#### SOURCE DATA:

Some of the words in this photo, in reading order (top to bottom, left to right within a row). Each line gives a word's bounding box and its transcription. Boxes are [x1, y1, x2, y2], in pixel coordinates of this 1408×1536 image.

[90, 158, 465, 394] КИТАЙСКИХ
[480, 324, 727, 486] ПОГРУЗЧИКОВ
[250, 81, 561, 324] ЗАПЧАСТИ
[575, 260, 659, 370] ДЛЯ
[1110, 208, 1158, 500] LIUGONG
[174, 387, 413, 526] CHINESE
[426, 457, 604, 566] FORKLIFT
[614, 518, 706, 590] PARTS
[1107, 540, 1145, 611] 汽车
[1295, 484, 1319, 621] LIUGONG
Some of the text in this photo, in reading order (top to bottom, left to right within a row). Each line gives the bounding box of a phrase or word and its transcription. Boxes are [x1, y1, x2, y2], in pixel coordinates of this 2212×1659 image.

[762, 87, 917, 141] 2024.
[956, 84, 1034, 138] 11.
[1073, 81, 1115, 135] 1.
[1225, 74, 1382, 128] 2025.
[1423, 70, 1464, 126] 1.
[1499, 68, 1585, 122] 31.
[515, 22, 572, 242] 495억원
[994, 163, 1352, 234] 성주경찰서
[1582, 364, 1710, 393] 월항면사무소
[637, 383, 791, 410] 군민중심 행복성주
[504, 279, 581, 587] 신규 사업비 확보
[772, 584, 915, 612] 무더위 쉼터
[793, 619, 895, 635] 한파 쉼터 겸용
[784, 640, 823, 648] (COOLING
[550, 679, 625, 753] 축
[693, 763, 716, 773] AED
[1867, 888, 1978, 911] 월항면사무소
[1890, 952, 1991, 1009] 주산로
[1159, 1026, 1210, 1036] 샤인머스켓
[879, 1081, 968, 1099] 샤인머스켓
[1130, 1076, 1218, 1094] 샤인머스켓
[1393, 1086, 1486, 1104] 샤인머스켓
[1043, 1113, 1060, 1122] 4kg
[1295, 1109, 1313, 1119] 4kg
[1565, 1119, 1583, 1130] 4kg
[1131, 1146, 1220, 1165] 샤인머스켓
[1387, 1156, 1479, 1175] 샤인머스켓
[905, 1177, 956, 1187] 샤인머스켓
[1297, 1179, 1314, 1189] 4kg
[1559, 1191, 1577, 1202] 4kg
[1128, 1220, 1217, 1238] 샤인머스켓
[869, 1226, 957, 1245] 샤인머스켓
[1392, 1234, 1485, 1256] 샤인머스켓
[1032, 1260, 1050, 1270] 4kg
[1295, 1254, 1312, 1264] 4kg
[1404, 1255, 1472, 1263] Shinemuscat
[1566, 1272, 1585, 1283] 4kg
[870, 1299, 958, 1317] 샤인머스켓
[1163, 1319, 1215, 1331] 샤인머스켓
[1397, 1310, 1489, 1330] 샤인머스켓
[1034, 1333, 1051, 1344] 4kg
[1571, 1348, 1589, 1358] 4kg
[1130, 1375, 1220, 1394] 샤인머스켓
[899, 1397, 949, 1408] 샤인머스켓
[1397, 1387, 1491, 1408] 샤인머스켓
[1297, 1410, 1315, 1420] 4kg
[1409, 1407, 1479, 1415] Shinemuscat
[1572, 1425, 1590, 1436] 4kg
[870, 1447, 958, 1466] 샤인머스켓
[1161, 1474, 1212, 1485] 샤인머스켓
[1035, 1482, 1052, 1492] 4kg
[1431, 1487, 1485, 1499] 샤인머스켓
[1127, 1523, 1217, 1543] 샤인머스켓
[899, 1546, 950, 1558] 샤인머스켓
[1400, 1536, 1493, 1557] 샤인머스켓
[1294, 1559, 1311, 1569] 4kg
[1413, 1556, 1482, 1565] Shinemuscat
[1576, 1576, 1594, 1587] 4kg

#### EXERCISE AIM:
What's needed is an exact copy of every entry.

#### EXERCISE OUTPUT:
Some of the words in this photo, in reading order (top to bottom, left to right within a row). Each line gives a word's bounding box and its transcription. Boxes are [x1, y1, x2, y2], in pixel coordinates of this 1408×1536 image.

[90, 158, 465, 394] КИТАЙСКИХ
[480, 324, 727, 486] ПОГРУЗЧИКОВ
[250, 81, 561, 324] ЗАПЧАСТИ
[575, 260, 659, 370] ДЛЯ
[1110, 208, 1158, 500] LIUGONG
[174, 387, 413, 526] CHINESE
[426, 457, 604, 566] FORKLIFT
[614, 518, 706, 590] PARTS
[1107, 540, 1145, 611] 汽车
[1295, 484, 1319, 621] LIUGONG
Some of the text in this photo, in reading order (top to bottom, left to right within a row). Each line gives the bounding box of a phrase or word and its transcription. Boxes are [x1, y1, x2, y2], in pixel coordinates of this 2212×1659 image.

[762, 87, 917, 141] 2024.
[956, 84, 1034, 138] 11.
[1073, 81, 1115, 135] 1.
[1225, 74, 1382, 128] 2025.
[1423, 70, 1464, 126] 1.
[1499, 68, 1585, 122] 31.
[515, 22, 572, 242] 495억원
[994, 163, 1352, 234] 성주경찰서
[1582, 364, 1710, 393] 월항면사무소
[637, 383, 791, 410] 군민중심 행복성주
[504, 279, 581, 587] 신규 사업비 확보
[772, 584, 915, 612] 무더위 쉼터
[793, 619, 895, 635] 한파 쉼터 겸용
[784, 640, 823, 648] (COOLING
[550, 679, 625, 753] 축
[693, 763, 716, 773] AED
[1867, 888, 1978, 911] 월항면사무소
[1890, 952, 1991, 1009] 주산로
[1159, 1026, 1210, 1036] 샤인머스켓
[879, 1081, 968, 1099] 샤인머스켓
[1130, 1076, 1218, 1094] 샤인머스켓
[1393, 1086, 1486, 1104] 샤인머스켓
[1043, 1113, 1060, 1122] 4kg
[1295, 1109, 1313, 1119] 4kg
[1565, 1119, 1583, 1130] 4kg
[1131, 1146, 1220, 1165] 샤인머스켓
[1387, 1156, 1479, 1175] 샤인머스켓
[905, 1177, 956, 1187] 샤인머스켓
[1297, 1179, 1314, 1189] 4kg
[1559, 1191, 1577, 1202] 4kg
[1128, 1220, 1217, 1238] 샤인머스켓
[869, 1226, 957, 1245] 샤인머스켓
[1392, 1234, 1485, 1256] 샤인머스켓
[1032, 1260, 1050, 1270] 4kg
[1295, 1254, 1312, 1264] 4kg
[1404, 1255, 1472, 1263] Shinemuscat
[1566, 1272, 1585, 1283] 4kg
[870, 1299, 958, 1317] 샤인머스켓
[1163, 1319, 1215, 1331] 샤인머스켓
[1397, 1310, 1489, 1330] 샤인머스켓
[1034, 1333, 1051, 1344] 4kg
[1571, 1348, 1589, 1358] 4kg
[1130, 1375, 1220, 1394] 샤인머스켓
[899, 1397, 949, 1408] 샤인머스켓
[1397, 1387, 1491, 1408] 샤인머스켓
[1297, 1410, 1315, 1420] 4kg
[1409, 1407, 1479, 1415] Shinemuscat
[1572, 1425, 1590, 1436] 4kg
[870, 1447, 958, 1466] 샤인머스켓
[1161, 1474, 1212, 1485] 샤인머스켓
[1035, 1482, 1052, 1492] 4kg
[1431, 1487, 1485, 1499] 샤인머스켓
[1127, 1523, 1217, 1543] 샤인머스켓
[899, 1546, 950, 1558] 샤인머스켓
[1400, 1536, 1493, 1557] 샤인머스켓
[1294, 1559, 1311, 1569] 4kg
[1413, 1556, 1482, 1565] Shinemuscat
[1576, 1576, 1594, 1587] 4kg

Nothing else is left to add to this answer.